§ **Records provided**:
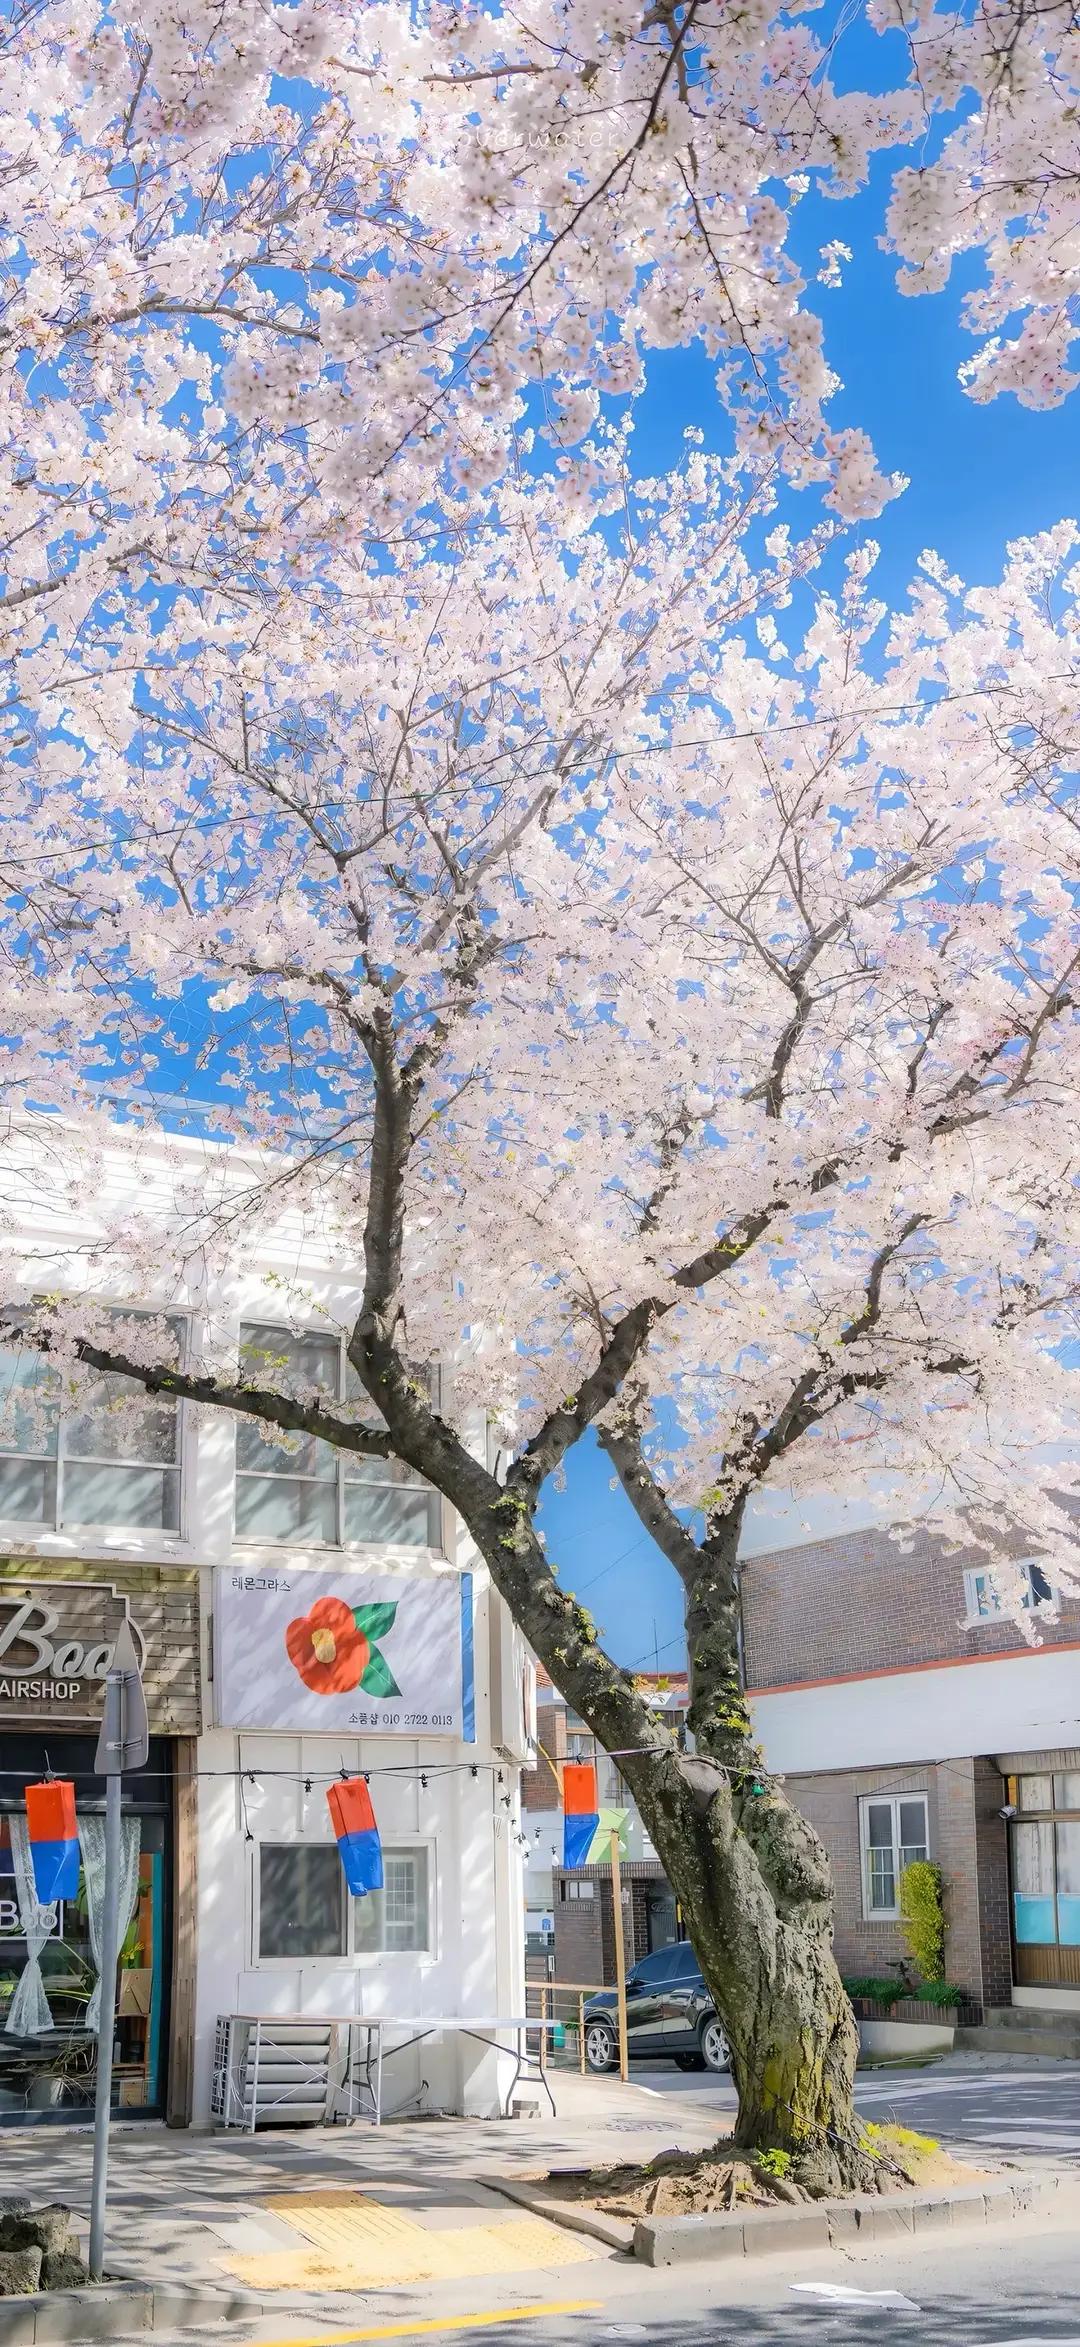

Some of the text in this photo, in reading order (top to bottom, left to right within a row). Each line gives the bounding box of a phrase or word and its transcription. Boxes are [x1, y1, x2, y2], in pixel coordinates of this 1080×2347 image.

[231, 1576, 292, 1592] 레몬그라스
[382, 1713, 400, 1725] 010
[404, 1714, 428, 1725] 2722
[431, 1714, 453, 1726] 0113
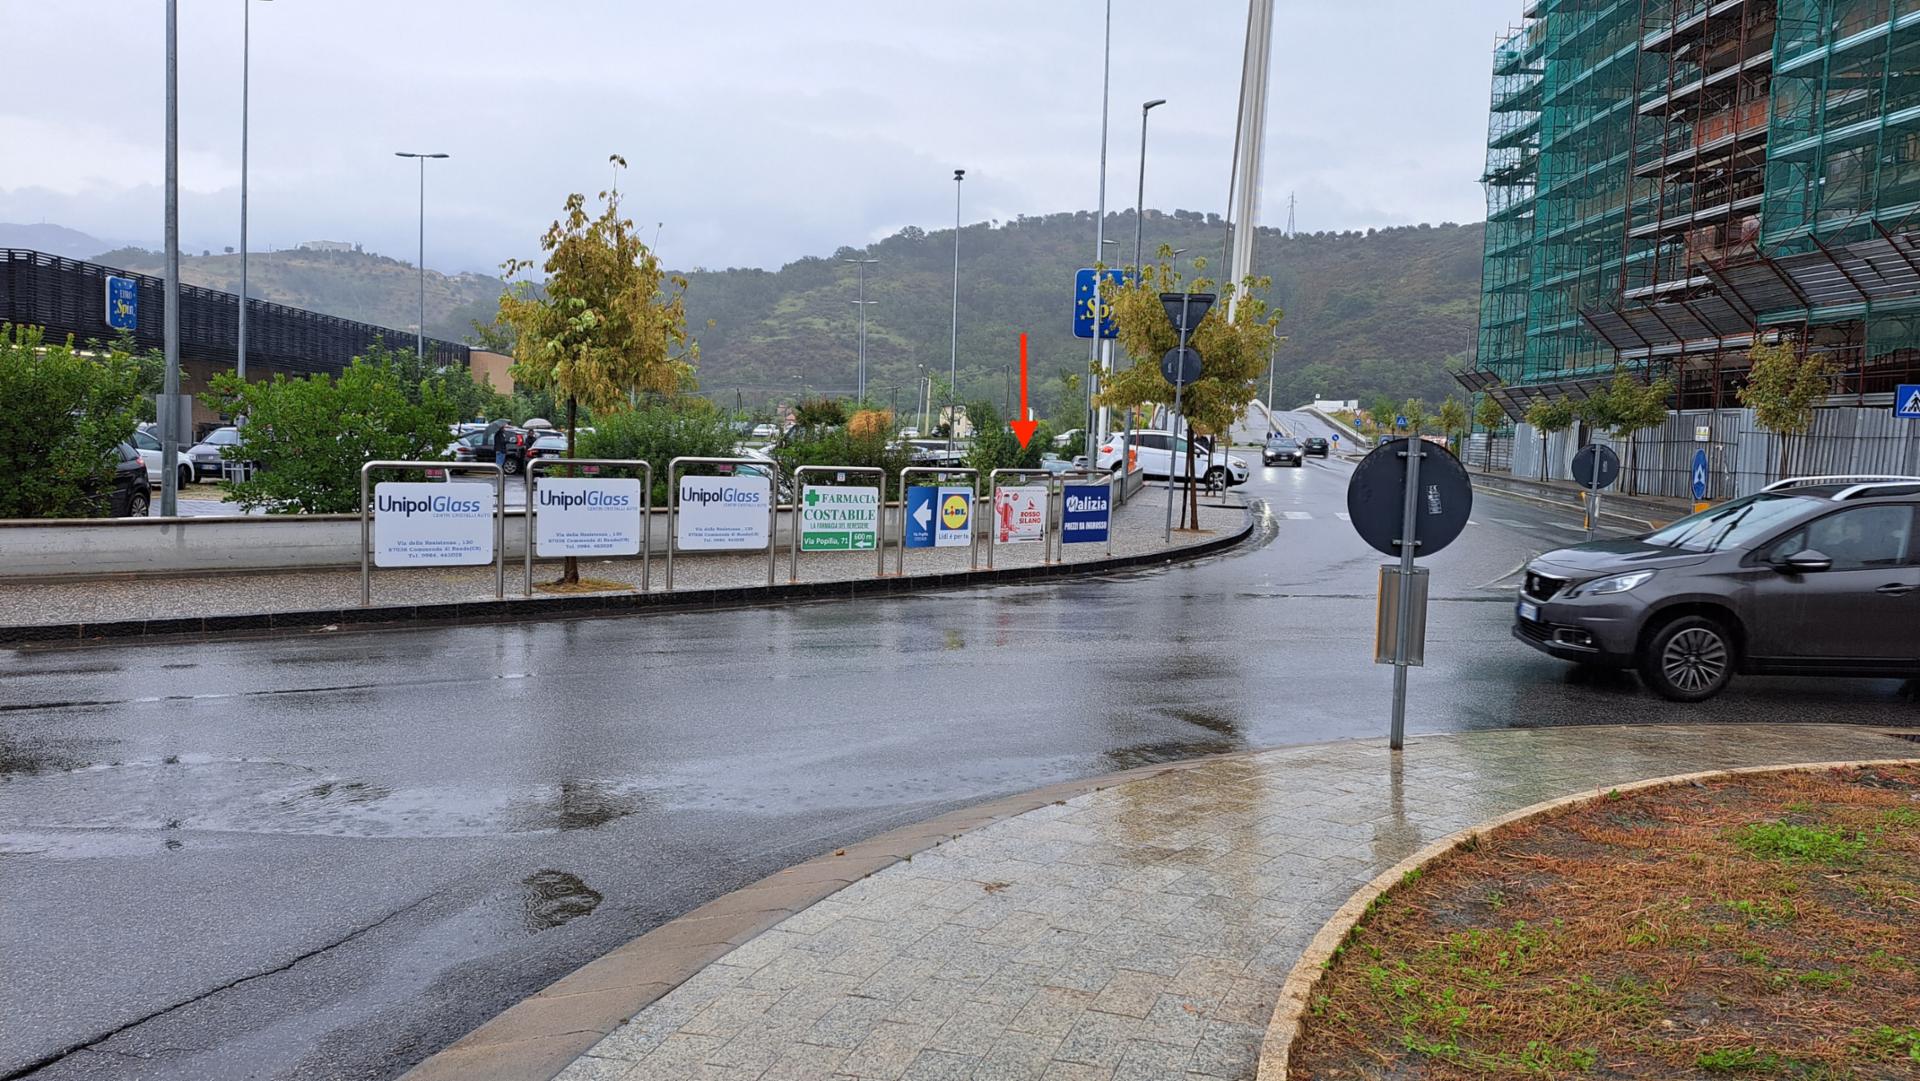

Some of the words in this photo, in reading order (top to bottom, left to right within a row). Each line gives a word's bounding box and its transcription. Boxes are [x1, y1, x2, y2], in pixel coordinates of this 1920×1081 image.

[378, 495, 480, 518] UnipolGlass
[540, 490, 629, 511] UnipolGlass
[682, 487, 760, 507] UnipolGlass
[822, 494, 876, 504] FARMACIA
[804, 509, 876, 520] COSTABILE
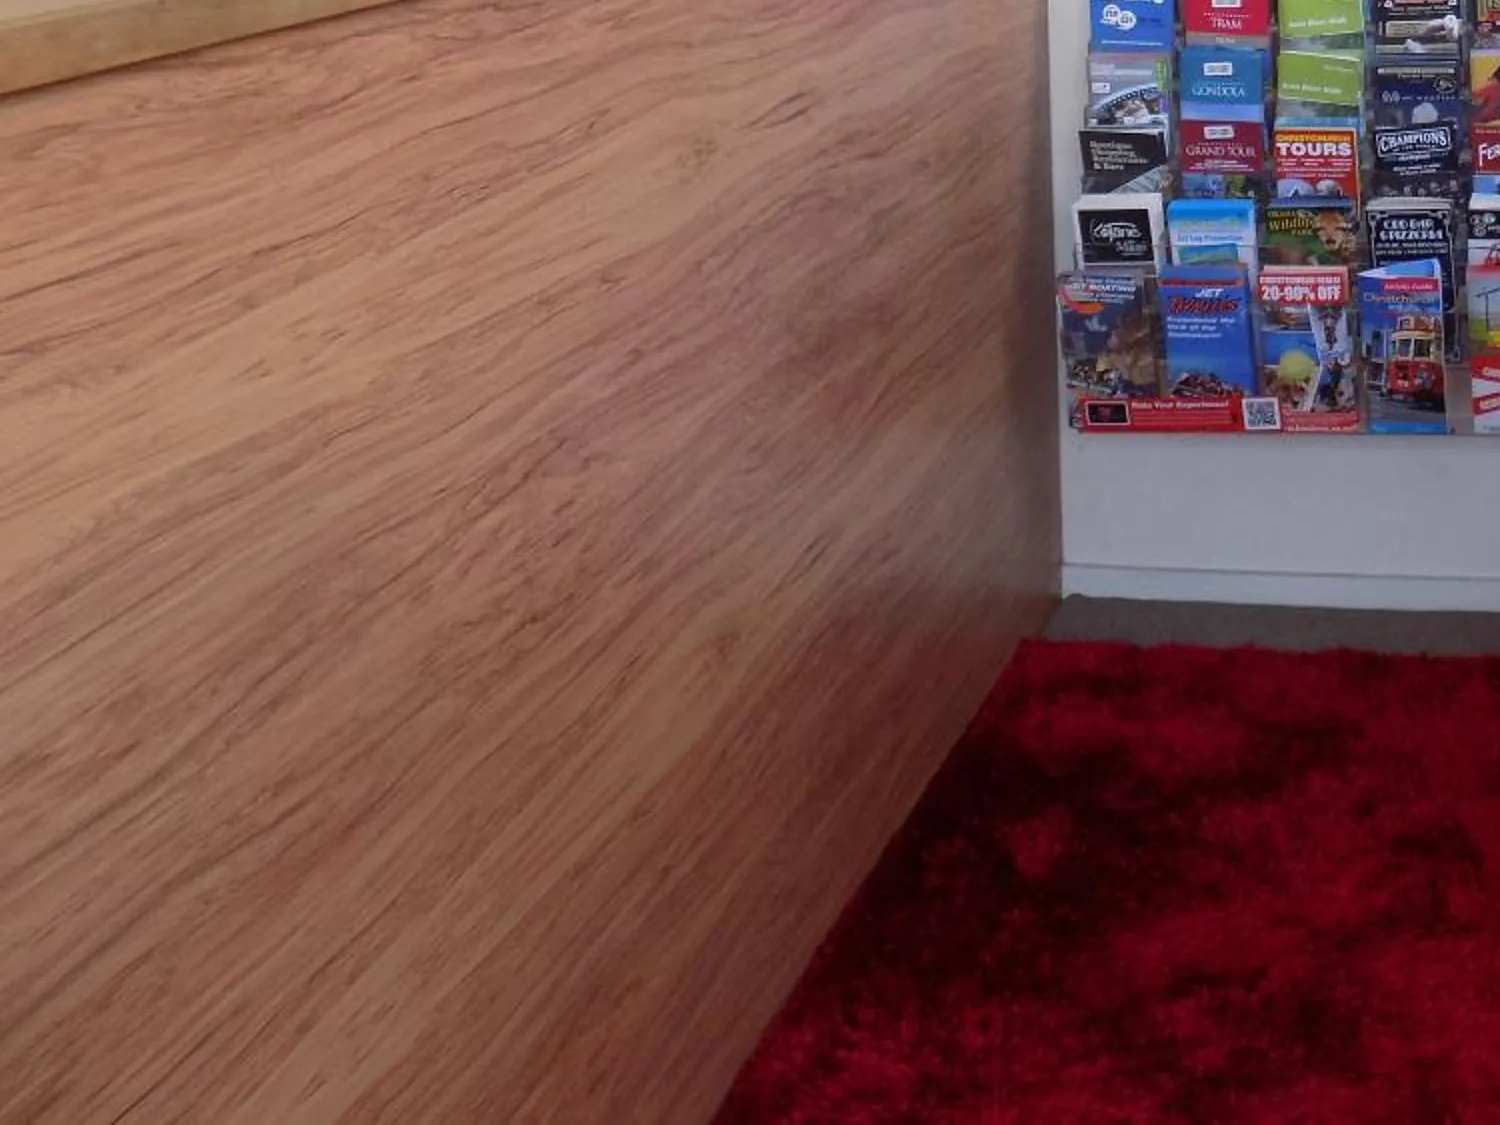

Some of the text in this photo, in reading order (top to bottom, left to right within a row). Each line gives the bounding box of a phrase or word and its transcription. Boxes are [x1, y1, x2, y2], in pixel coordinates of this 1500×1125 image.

[1210, 17, 1243, 30] TRAM
[1190, 84, 1246, 97] GONDOLA
[1380, 130, 1448, 152] CHAMPIONS
[1185, 144, 1256, 157] GRAND TOUR
[1276, 142, 1352, 157] TOURS
[1195, 288, 1224, 298] JET
[1317, 284, 1342, 301] OFF
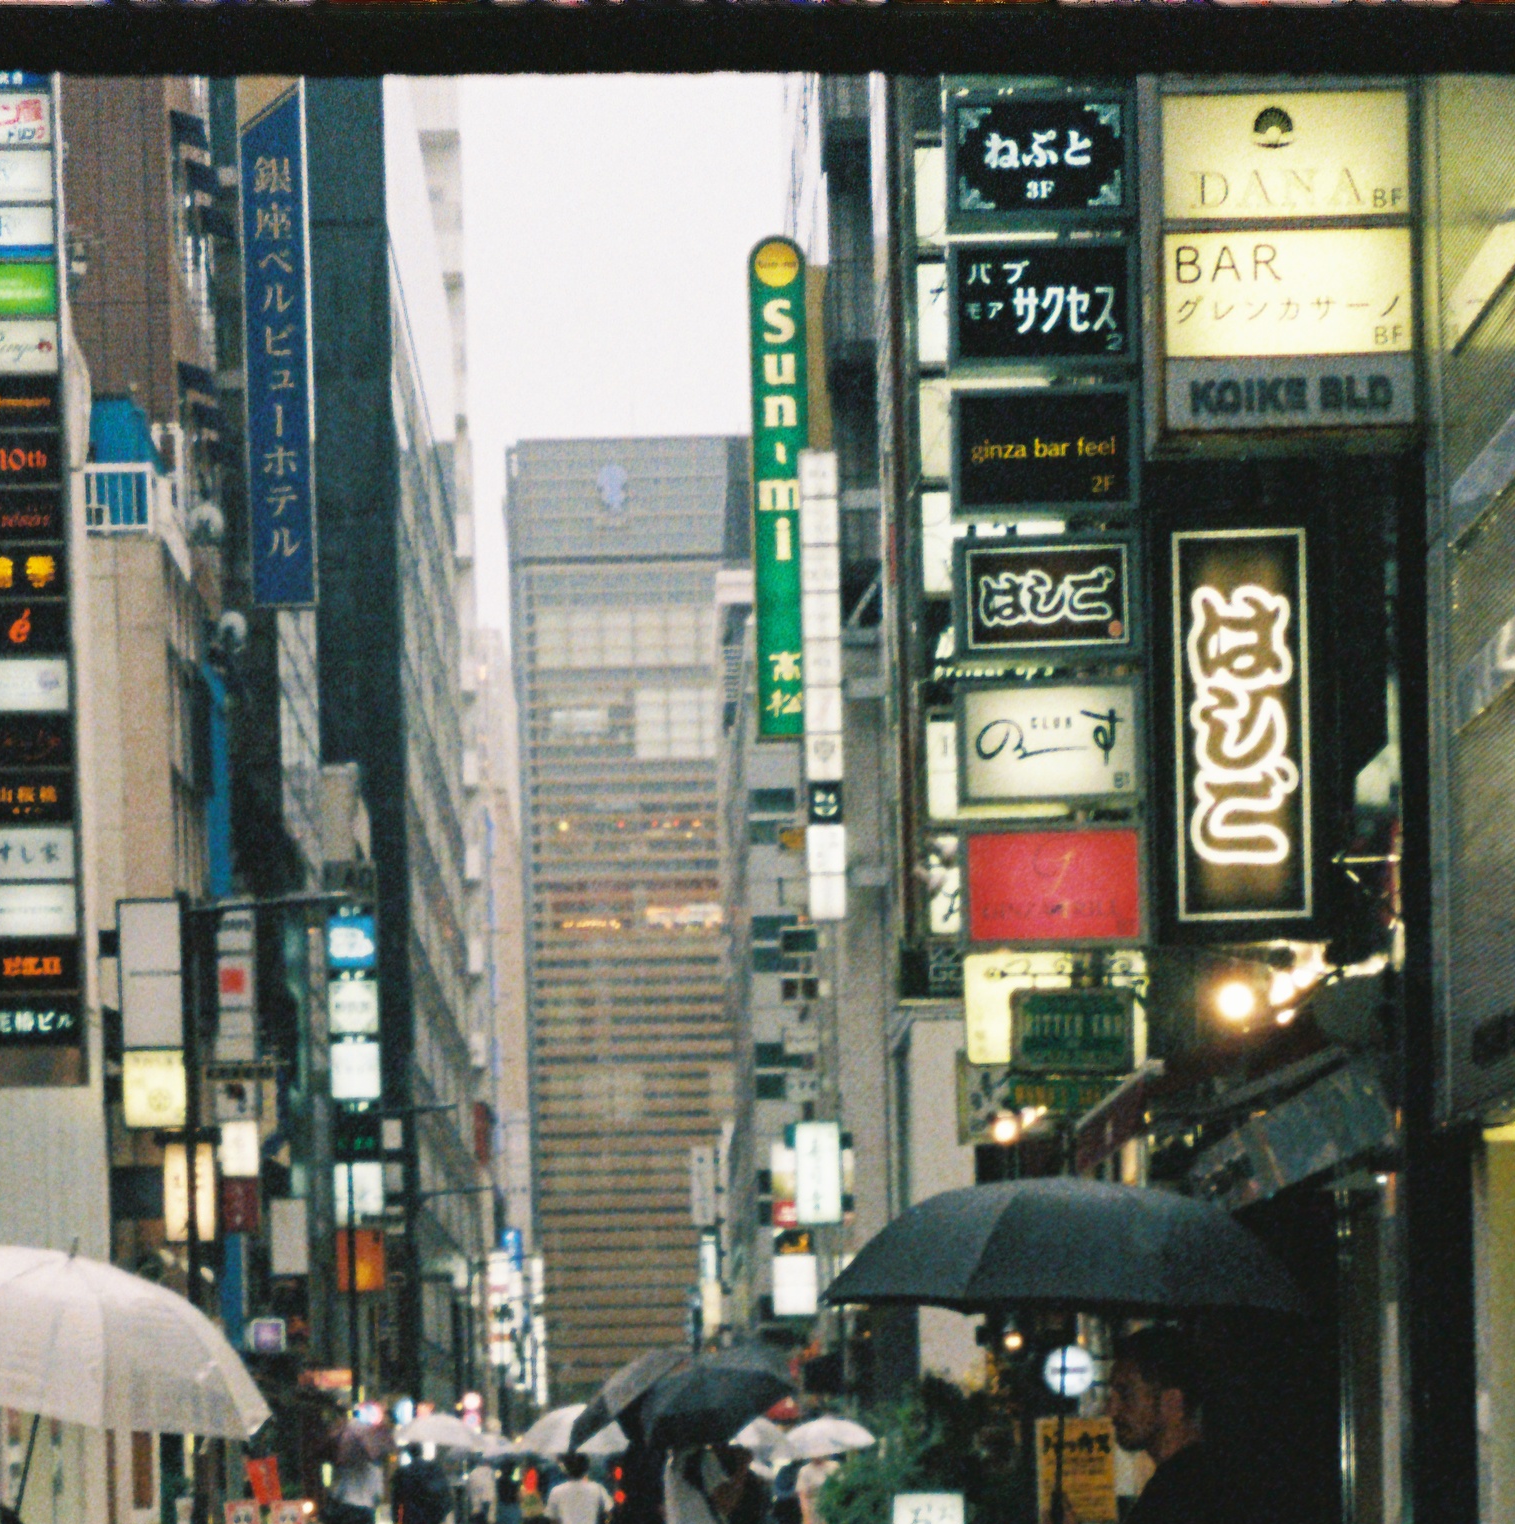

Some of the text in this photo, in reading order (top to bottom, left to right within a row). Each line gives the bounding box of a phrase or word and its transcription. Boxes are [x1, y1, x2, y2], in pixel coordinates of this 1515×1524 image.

§ **Requirement**:
Any picture in the data is to be skipped, while each line is returned exactly as written.

§ **Result of the task**:
Some of the text in this photo, in reading order (top to bottom, left to right within a row). Each line gives the bounding box of a phrase or word and its transcription. Boxes are [x1, y1, x2, y2], in pixel coordinates of this 1080×2347 image.

[231, 1576, 292, 1592] 레몬그라스
[382, 1713, 400, 1725] 010
[404, 1714, 428, 1725] 2722
[431, 1714, 453, 1726] 0113

Some of the words in this photo, in reading order (top to bottom, left to right within a row). Each line gives a word's bounding box and its transcription. Boxes are [x1, y1, x2, y2], in pixel coordinates of this 1920×1081 image.

[378, 495, 480, 518] UnipolGlass
[540, 490, 629, 511] UnipolGlass
[682, 487, 760, 507] UnipolGlass
[822, 494, 876, 504] FARMACIA
[804, 509, 876, 520] COSTABILE

Some of the text in this photo, in reading order (top to bottom, left to right within a row). Each line gives the bounding box of a phrase or word and its transcription. Boxes are [x1, y1, x2, y2], in pixel coordinates of this 1500×1125 image.

[1210, 17, 1243, 30] TRAM
[1190, 84, 1246, 97] GONDOLA
[1380, 130, 1448, 152] CHAMPIONS
[1185, 144, 1256, 157] GRAND TOUR
[1276, 142, 1352, 157] TOURS
[1195, 288, 1224, 298] JET
[1317, 284, 1342, 301] OFF

Some of the text in this photo, in reading order (top to bottom, left to right within a row). Each line gives the bounding box of a phrase or word and its transcription. Boxes are [x1, y1, x2, y2], in pixel coordinates of this 1515×1524 image.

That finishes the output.